■ What the task asks ■
Please write out the final portion of the records below exactly: the line containing "this 1089×959 image.", every line after it, and nothing else.

■ Material supplied ■

-- Opening Marker --

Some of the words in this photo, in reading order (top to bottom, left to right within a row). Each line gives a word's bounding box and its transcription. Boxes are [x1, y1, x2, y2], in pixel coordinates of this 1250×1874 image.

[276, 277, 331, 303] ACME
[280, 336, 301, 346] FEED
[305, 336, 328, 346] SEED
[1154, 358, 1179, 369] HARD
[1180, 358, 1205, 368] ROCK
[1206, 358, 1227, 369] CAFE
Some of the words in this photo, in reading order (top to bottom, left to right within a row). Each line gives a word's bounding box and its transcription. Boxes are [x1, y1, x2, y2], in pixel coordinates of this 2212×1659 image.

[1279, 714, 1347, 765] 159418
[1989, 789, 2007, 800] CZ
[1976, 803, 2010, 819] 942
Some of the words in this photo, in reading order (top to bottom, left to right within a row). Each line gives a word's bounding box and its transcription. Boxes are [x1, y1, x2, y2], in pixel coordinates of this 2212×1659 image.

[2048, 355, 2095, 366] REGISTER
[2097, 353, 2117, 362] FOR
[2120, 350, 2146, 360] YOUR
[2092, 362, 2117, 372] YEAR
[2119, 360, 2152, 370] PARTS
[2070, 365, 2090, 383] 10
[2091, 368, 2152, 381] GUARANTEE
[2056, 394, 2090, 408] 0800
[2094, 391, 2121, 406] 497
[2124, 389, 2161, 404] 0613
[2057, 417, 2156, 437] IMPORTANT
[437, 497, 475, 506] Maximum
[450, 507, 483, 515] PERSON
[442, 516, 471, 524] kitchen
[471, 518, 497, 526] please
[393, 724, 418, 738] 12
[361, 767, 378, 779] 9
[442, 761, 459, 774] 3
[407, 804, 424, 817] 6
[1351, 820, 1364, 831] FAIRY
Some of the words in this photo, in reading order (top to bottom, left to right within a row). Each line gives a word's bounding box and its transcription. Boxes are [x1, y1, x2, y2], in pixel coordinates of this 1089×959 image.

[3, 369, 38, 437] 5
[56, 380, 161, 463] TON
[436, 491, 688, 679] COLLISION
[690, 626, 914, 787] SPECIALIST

-- Closing Marker --

■ Result for this exercise ■
Some of the words in this photo, in reading order (top to bottom, left to right within a row). Each line gives a word's bounding box and its transcription. Boxes are [x1, y1, x2, y2], in pixel coordinates of this 1089×959 image.

[3, 369, 38, 437] 5
[56, 380, 161, 463] TON
[436, 491, 688, 679] COLLISION
[690, 626, 914, 787] SPECIALIST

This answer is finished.